Dork is my best friend and my savior. I adopted him and his Mama from a local shelter during one of the lowest points of my life in December 2007. They actually came through the women’s prison rescue/training/adoption program, Heeling Hearts, for 3 weeks before I adopted them. My dear friend who coordinated and runs this program told me about them, and I fell head over heals (or is that “heels”) in love. They both may be rescues, but they rescued me more than I rescued them.
Event though I started in obedience training back when I as 12 years old (1978), worked at a vet clinic, a boarding kennel, and bred and raised Huskies for several years, my experiences with these two have taught me more in the last 4 years than the 30-odd years prior.
Dork was approximately 3 months old when I adopted them. He was a little white fluff ball – just cuter then one can ever imagine. Mama was dropped off at the animal shelter with a full litter of puppies. He is a lethal white, and when at the shelter, he had a sister just like him. The rest were normal. The shelter had adopted out the female lethal, but she soon died. From what I understand, she just sat there… wouldn’t eat, wouldn’t play, wouldn’t interact. Sensory deprivation most likely. Therefore the shelter decided that Dork and Mama must be adopted together. Twist my arm… oh, ouch, stop. That was one of the easiest decisions I’ve ever had to make. So, off I go with two white Aussies.

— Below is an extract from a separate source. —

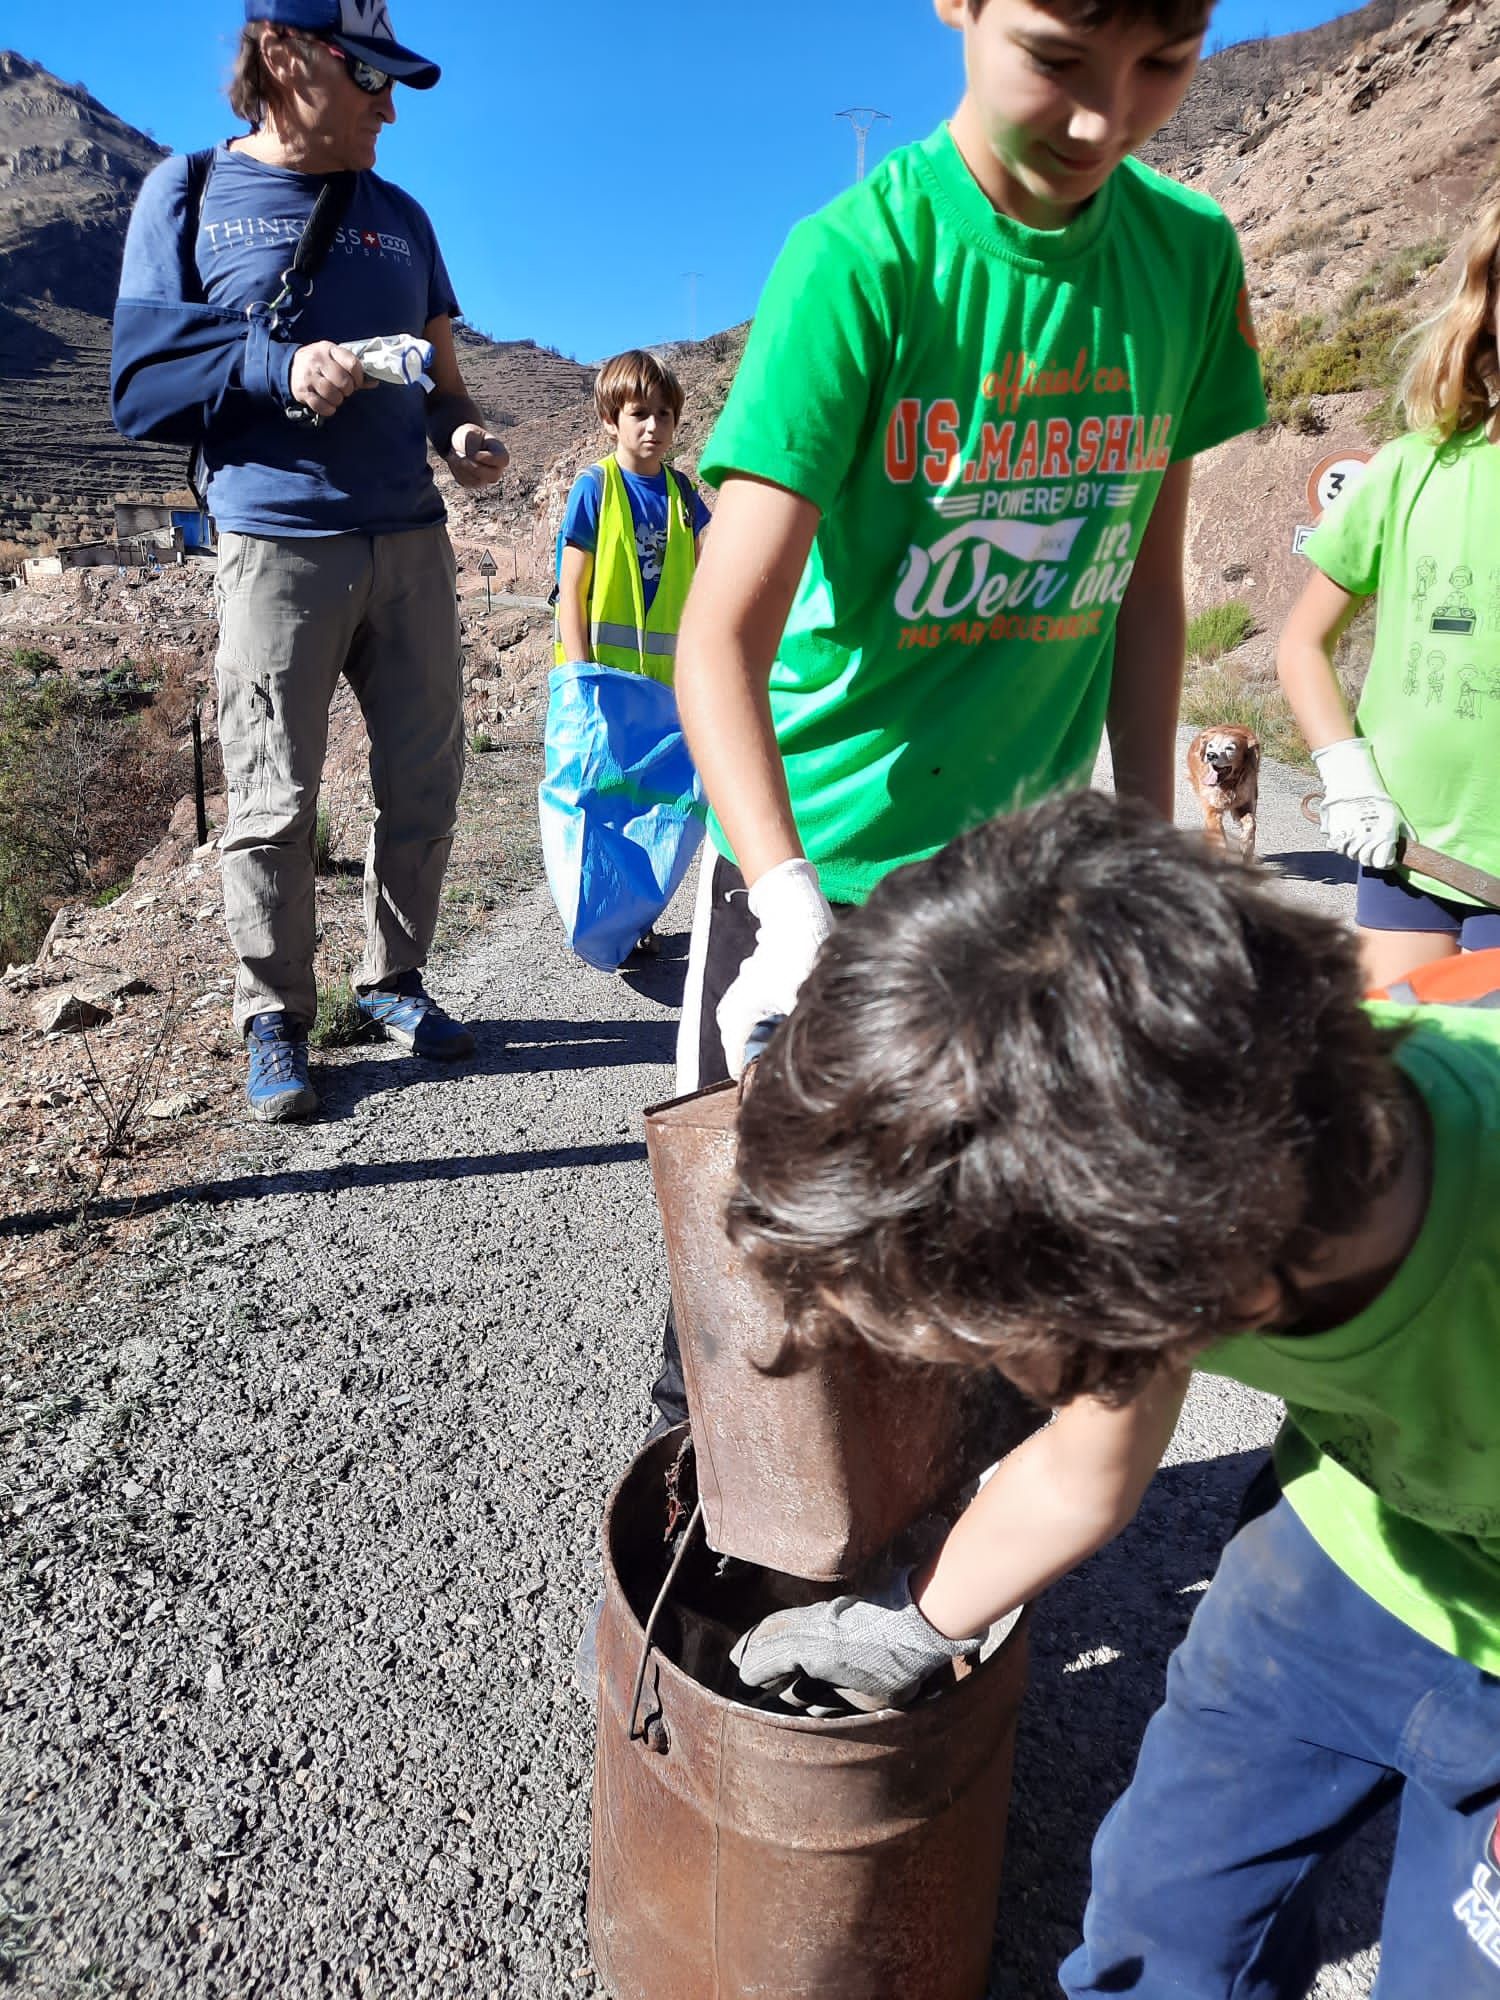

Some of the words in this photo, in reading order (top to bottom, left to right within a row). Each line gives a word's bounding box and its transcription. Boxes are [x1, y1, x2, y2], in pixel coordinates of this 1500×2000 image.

Mama is pattern white with a blue merle patch on her face. Dork is also a pattern white, with some red merle coloring. Both vibrant crystal blue eyes. Dork was born completely deaf, as well as blind in his left eye. It never completely formed, and the pupil is small and does not focus at all. I have tested his vision in his left eye by bringing my hand up from behind and waving it near his left eye, but out of sight from his right eye, and there is no response. He has fairly good vision out of his right eye, although in the bright sunlight, his pupil does not dilate properly, which does leave him nearly blind. But, PLEASE… do NOT tell him his is deaf and partially blind. He does not know…. Nor do most people until this is pointed out.

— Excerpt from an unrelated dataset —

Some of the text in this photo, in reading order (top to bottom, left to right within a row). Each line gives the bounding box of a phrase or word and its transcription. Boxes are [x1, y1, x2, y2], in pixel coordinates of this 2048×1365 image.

From day one, I could see that Dork was personality plus – and fearless! He shadowed his mother everywhere, and it was by being with her that he learned how to be a dog. When I adopted them, I was unemployed at that time. Therefore I spent nearly every hour of every day with them for close to 10 months until I finally found a job. I’m glad I had that opportunity to do so – but I wish that I had thought to keep a log of how I watched Dork grow and learn his commands.
I do not have an exact count of commands, as a lot of how we interact was developed as he grew up in my company. I do have several “set” signals, such as tapping his nose tells him to sit down. Tapping his right shoulder means to shake. Tapping each side of his muzzle at the same time using both of my hands, he will sit up and give a “High 10”. A flat horizontal hand starting at eye level dropping to the floor means to lie down. Waving my hands towards me is to come. Plus there are several more. He has learned to read my body movements and facial expressions, and I can easily guide him with my movements, in addition to simply light taps on his body which works as directional signals.

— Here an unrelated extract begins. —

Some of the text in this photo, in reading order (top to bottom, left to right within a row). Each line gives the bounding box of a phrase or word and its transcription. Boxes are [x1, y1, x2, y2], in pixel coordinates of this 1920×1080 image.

When I trained both he and his Mama on lead, they are both on my left in standard heel position, with Dork on the outside. My reasoning here was his one good eye is his right eye, therefore he would be able to see both his Mama and myself when on lead since we are both on his right side. They have both been trained to heel side-by-side on my left. When we stop, they sit.
There are absolutely no regrets in adopting these two. They have been my lifeline since the very first time I laid eyes on them.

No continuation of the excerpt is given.